Scanning tunneling microscopic observations of commensurate crystalline structures for horizontally deposited cadmium stearate bilayers on graphite

Bilayers of cadmium stearate have been assembled on graphite substrates using a horizontal deposition method and imaged in air using a scanning tunneling microscope (STM). STM images of these bilayers, acquired at a series of tunneling currents, allow the position of the tip with respect to the graphite surface to be deduced. During STM imaging at small tunneling currents, these measurements indicate that the tip is located ca. 50 Å from the graphite surface, or approximately at the surface of the stearate bilayer (which is 50 Å in thickness). STM imaging with larger tunneling currents (up to 6 nA) caused the STM tip to move closer to the graphite surface (and therefore into the stearate bilayer) at steady-state. In the specific case of Cd stearate bilayers, these measurements indicate that “non-perturbative” STM imaging conditions, which cause no detectable penetration of the stearate bilayer by the STM tip, are readily accessible at low currents.
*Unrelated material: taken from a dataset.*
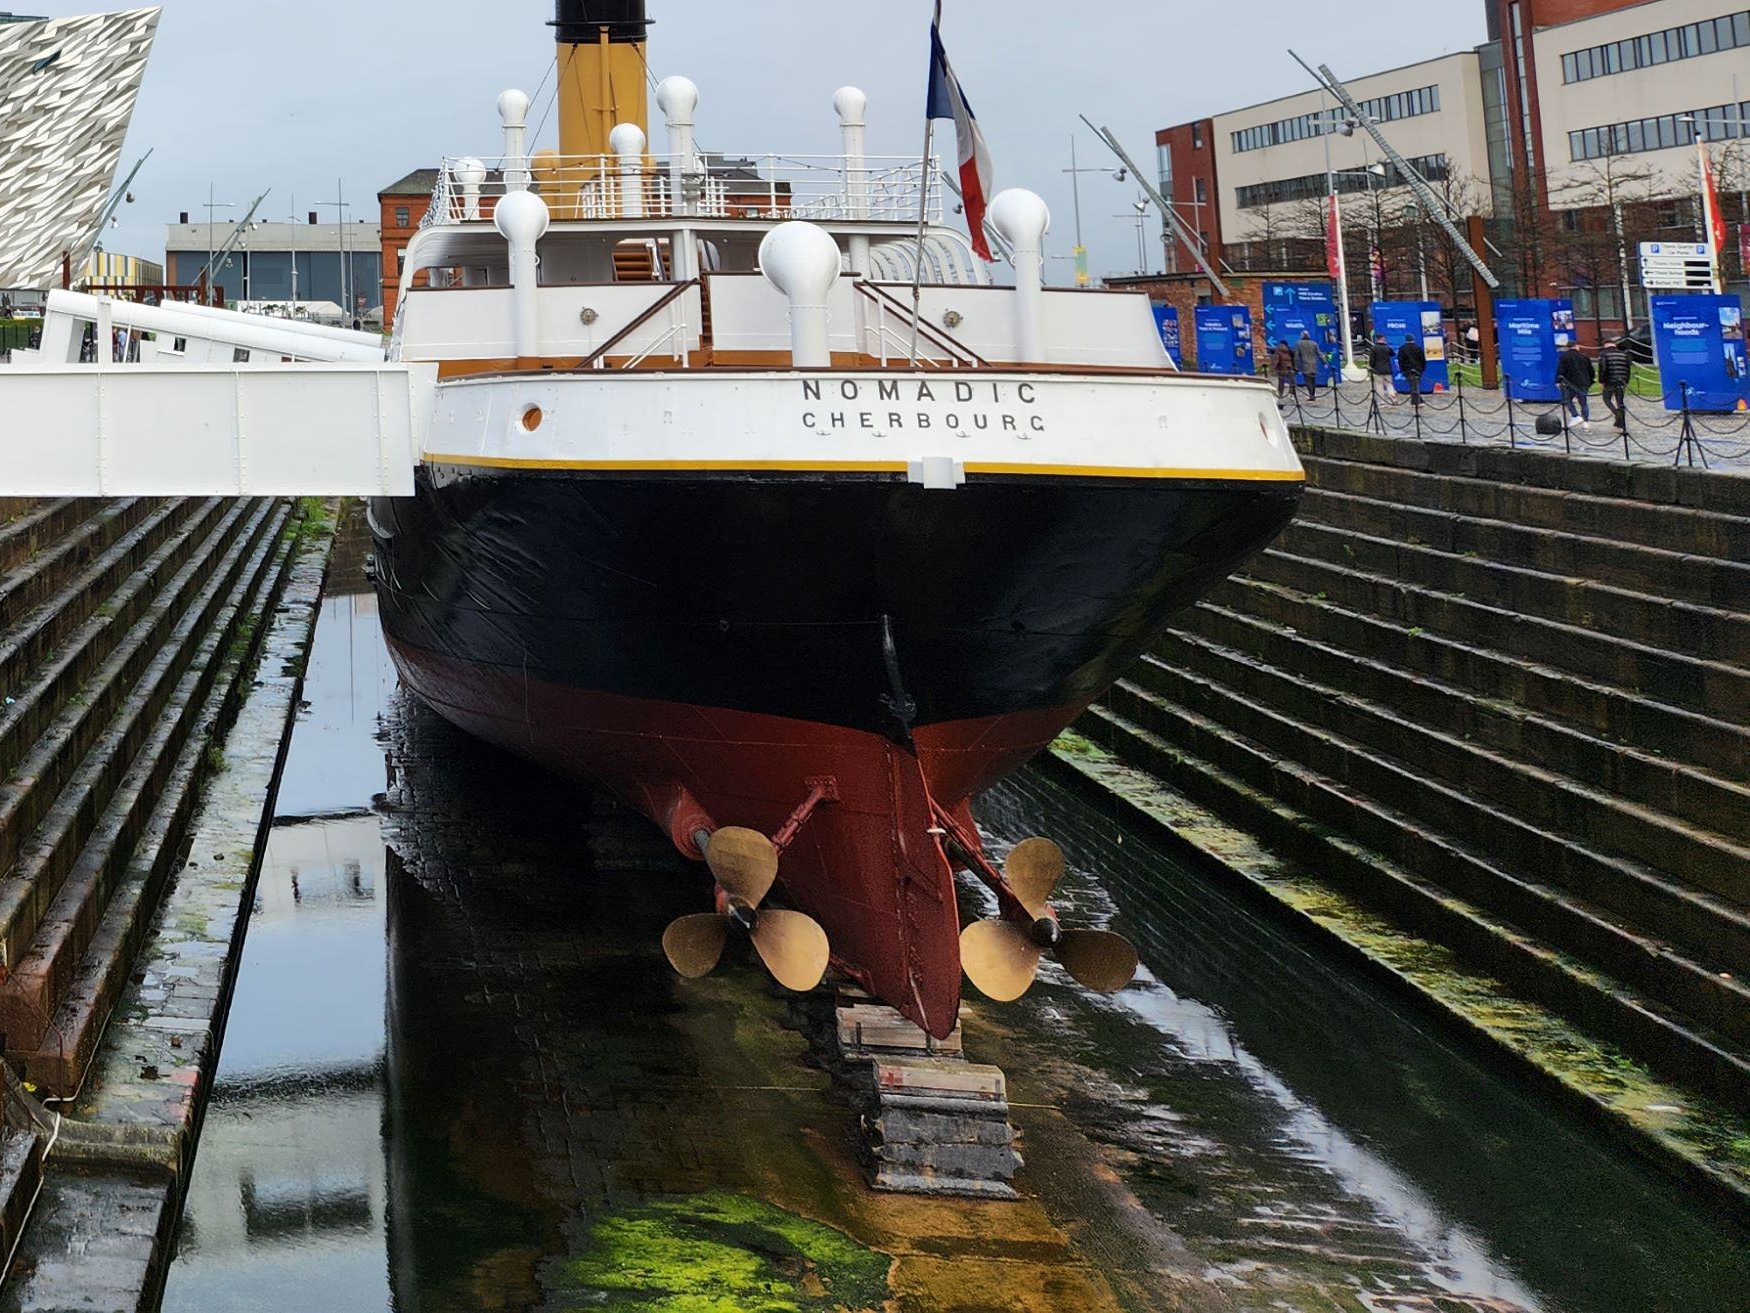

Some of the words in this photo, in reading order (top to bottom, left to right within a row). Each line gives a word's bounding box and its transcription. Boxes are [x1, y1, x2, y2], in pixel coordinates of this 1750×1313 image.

Under these STM imaging conditions, the structure of condensed-phase stearate bilayers has been investigated at molecular resolution using constant average height mode data acquisition and fast scan frequencies in excess of 80 Hz. STM images of stearate bilayers consist of regular arrays of high-tunneling-current vertices, which are arranged in either of two types of lattices: centered rectangular (CR) or rectangular (R). Regions of these bilayers composed of mixed R and CR unit cells are also observed. Two-dimensional Fourier analysis of the STM data reveals that the hexagonal periodicity of the graphite substrate and the less symmetric lattice of the fatty acid salt are simultaneously visible. These data enable the registry of the fatty acid layer with respect to the graphite lattice to be accurately determined, and this analysis reveals that both the R and the CR lattices are commensurate.